Task statement. Each entry, as given, must be output unchanged.

Provided records.

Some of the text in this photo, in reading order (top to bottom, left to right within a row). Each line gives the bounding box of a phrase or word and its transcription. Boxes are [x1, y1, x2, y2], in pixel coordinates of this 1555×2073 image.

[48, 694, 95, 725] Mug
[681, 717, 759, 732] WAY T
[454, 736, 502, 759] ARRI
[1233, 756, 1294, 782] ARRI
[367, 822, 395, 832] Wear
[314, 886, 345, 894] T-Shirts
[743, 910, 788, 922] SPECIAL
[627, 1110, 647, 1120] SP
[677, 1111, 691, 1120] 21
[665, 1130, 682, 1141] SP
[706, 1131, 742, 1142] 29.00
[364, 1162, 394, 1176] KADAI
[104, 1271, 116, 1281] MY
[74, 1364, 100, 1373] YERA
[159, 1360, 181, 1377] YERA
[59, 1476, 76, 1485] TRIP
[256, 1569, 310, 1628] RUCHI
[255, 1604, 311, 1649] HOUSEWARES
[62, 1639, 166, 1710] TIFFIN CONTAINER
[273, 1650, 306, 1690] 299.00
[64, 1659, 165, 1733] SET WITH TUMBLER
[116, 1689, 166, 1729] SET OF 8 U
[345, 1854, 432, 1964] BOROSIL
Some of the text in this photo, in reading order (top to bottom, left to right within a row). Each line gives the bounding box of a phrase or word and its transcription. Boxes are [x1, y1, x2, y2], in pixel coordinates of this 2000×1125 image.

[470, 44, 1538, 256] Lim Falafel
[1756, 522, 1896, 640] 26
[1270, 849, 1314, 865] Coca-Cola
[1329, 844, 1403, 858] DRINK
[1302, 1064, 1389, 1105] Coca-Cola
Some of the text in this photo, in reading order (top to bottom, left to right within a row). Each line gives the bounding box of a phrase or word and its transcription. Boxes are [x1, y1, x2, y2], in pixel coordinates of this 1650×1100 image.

Answer area.
Some of the text in this photo, in reading order (top to bottom, left to right within a row). Each line gives the bounding box of a phrase or word and its transcription. Boxes are [x1, y1, x2, y2], in pixel coordinates of this 1555×2073 image.

[48, 694, 95, 725] Mug
[681, 717, 759, 732] WAY T
[454, 736, 502, 759] ARRI
[1233, 756, 1294, 782] ARRI
[367, 822, 395, 832] Wear
[314, 886, 345, 894] T-Shirts
[743, 910, 788, 922] SPECIAL
[627, 1110, 647, 1120] SP
[677, 1111, 691, 1120] 21
[665, 1130, 682, 1141] SP
[706, 1131, 742, 1142] 29.00
[364, 1162, 394, 1176] KADAI
[104, 1271, 116, 1281] MY
[74, 1364, 100, 1373] YERA
[159, 1360, 181, 1377] YERA
[59, 1476, 76, 1485] TRIP
[256, 1569, 310, 1628] RUCHI
[255, 1604, 311, 1649] HOUSEWARES
[62, 1639, 166, 1710] TIFFIN CONTAINER
[273, 1650, 306, 1690] 299.00
[64, 1659, 165, 1733] SET WITH TUMBLER
[116, 1689, 166, 1729] SET OF 8 U
[345, 1854, 432, 1964] BOROSIL
Some of the text in this photo, in reading order (top to bottom, left to right within a row). Each line gives the bounding box of a phrase or word and its transcription. Boxes are [x1, y1, x2, y2], in pixel coordinates of this 2000×1125 image.

[470, 44, 1538, 256] Lim Falafel
[1756, 522, 1896, 640] 26
[1270, 849, 1314, 865] Coca-Cola
[1329, 844, 1403, 858] DRINK
[1302, 1064, 1389, 1105] Coca-Cola
Some of the text in this photo, in reading order (top to bottom, left to right within a row). Each line gives the bounding box of a phrase or word and its transcription. Boxes are [x1, y1, x2, y2], in pixel coordinates of this 1650×1100 image.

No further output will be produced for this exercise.